Va Savoir by Veteran French New Wave director Jacques Rivette is a beguilingly playful, psychological comedy drama that revolves around six characters in Paris whose lives intersect for a brief period of time.
The main character is Camille (the lanky and awkward Jeanne Balibar) who has come to Paris doing a Pirandello play with her boyfriend Ugo (Sergio Castellitto) who is the lead actor and director of the production. Most evenings they perform the play but on their days off they go about other business. Camille recalls her past relationship with an old boyfriend Pierre (Jacques Bonnaffe) and Ugo goes to a local library to try and find a long lost play by an 18th Century playwright named Goldoni. Both become alienated from one another and drift apart for a short while.
Camille seems to reconsider a relationship again with Pierre even though he is married and Ugo becomes smitten with a young blonde student named Do (Helene de Fougerolles) who assists him in his search for the play.
The other two characters are Pierre's wife Sonia (Marianne Basler) a ballet teacher and Do's brother Arthur (Bruno Todeschini) who strikes a roguish figure. To round out the inevitable connection between everyone these two become involved in an affair with each other.
Each of the characters seems to be on shaky ground especially with one another and the film essentially does the same thing to the audience. At no point in the film was I able to tell what was going to happen next. It's part comedy and drama but there is also an underlying and unsettling mysteriousness to the film. It's as if Rivette wanted to play with our minds a bit and make us think about what we are watching.
Like most of Rivette's films there is a line between fiction and 'reality' that becomes blurred. Like many of the films of the French Nouve Vague in the 1960's Rivette takes a common plot device – in this case the romantic comedy drama – and twists and turns it making us see it in a different way.
In this case the play that Camille and Ugo are in allegorically parallels the action. In between each scene we see a different section of the play, which is way out of context yet it forces us to consider there is some connection between the play and the lives these people have. And just to emphasize this point as the film goes on each of the character's lives cross one another and eventually they all end up together on the set of the stage acting out their own comedy drama in a rather satisfying way.
The DVD is presented in 1.85:1 aspect ratio and looks great. The colors are sharp, the lighting is perfect and the image is clear. I was only able to detect a hint of compression artifact in the background of a couple shots.
The films is presented in French Dolby Digital 2.0 Surround and sounds good.

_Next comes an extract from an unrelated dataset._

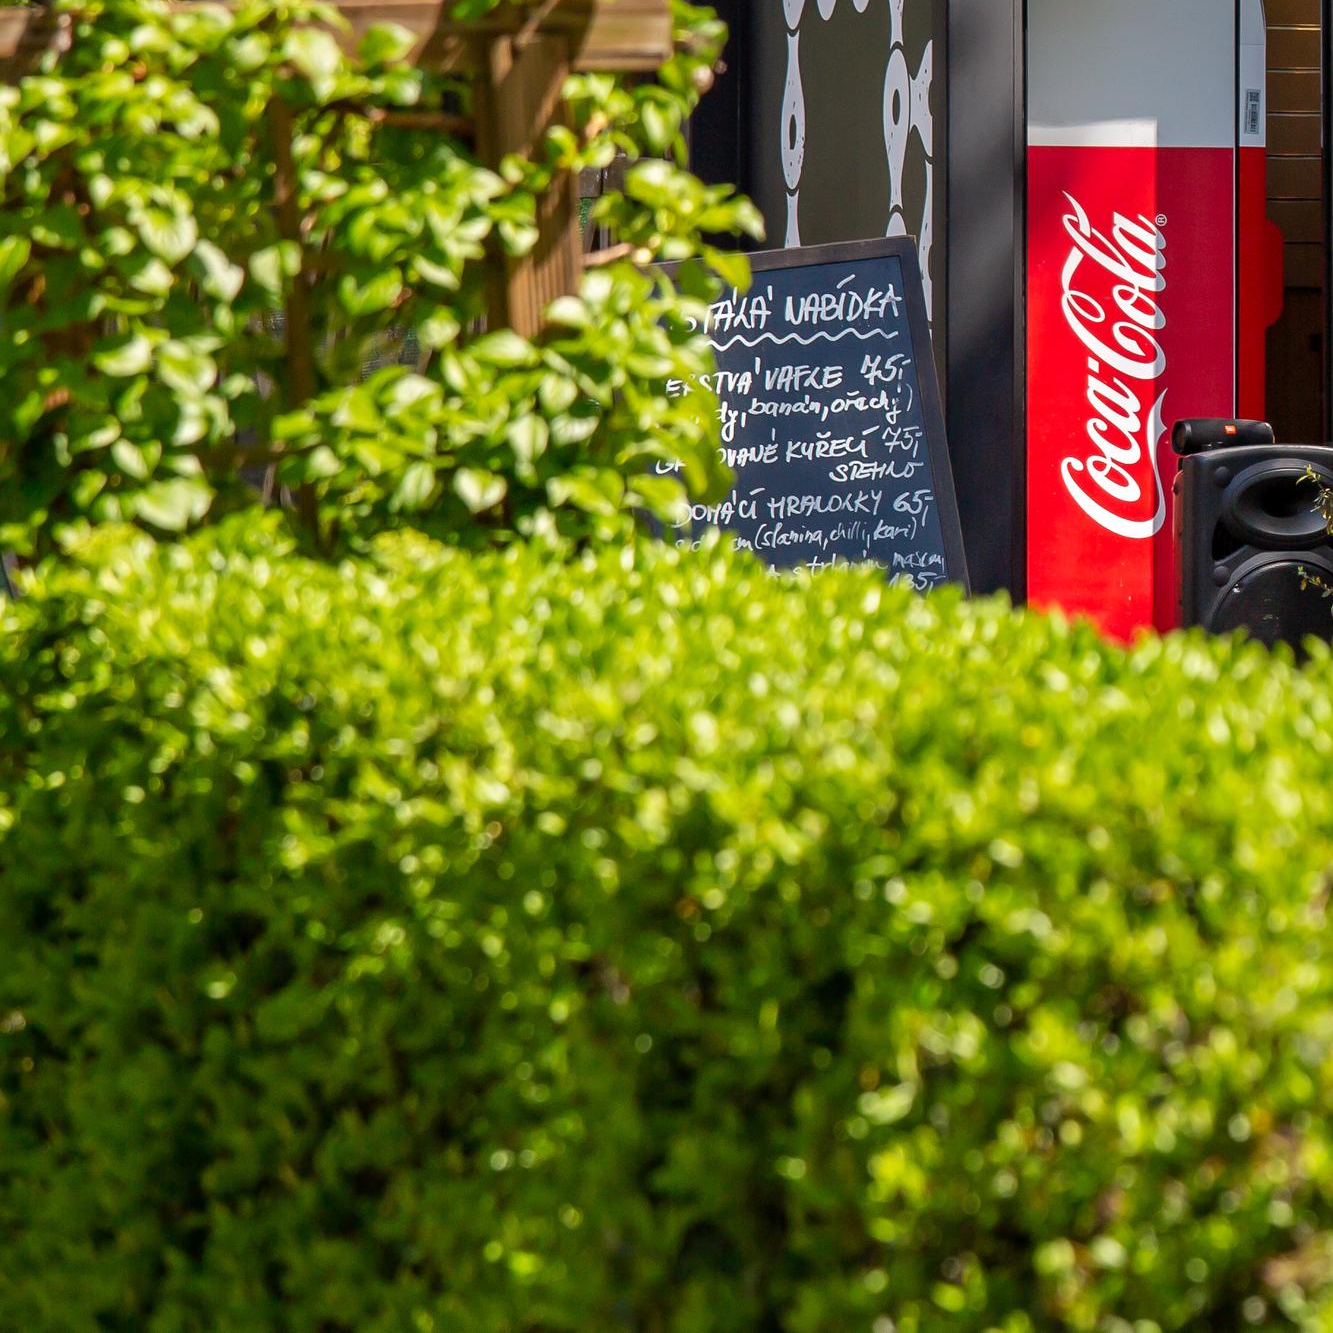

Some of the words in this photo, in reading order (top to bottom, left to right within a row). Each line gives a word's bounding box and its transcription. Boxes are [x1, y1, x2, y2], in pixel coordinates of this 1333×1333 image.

There is a theatrical trailer and that's it. Of course there are chapters and since the film is in French there are subtitles, which can be removed. This is the kind of film that in years may have a cult following and critics that have theories about the whole thing.
This French film is not easy to categorize, which – in my book – makes it all the more worthwhile. It's sort of a beguiling, betrayal comedy drama with mystery and metaphorical concepts at the edges. It is long at 157 minutes and it is 'very French' in the sense that it is more character driven that plot driven even though there is a decent plot.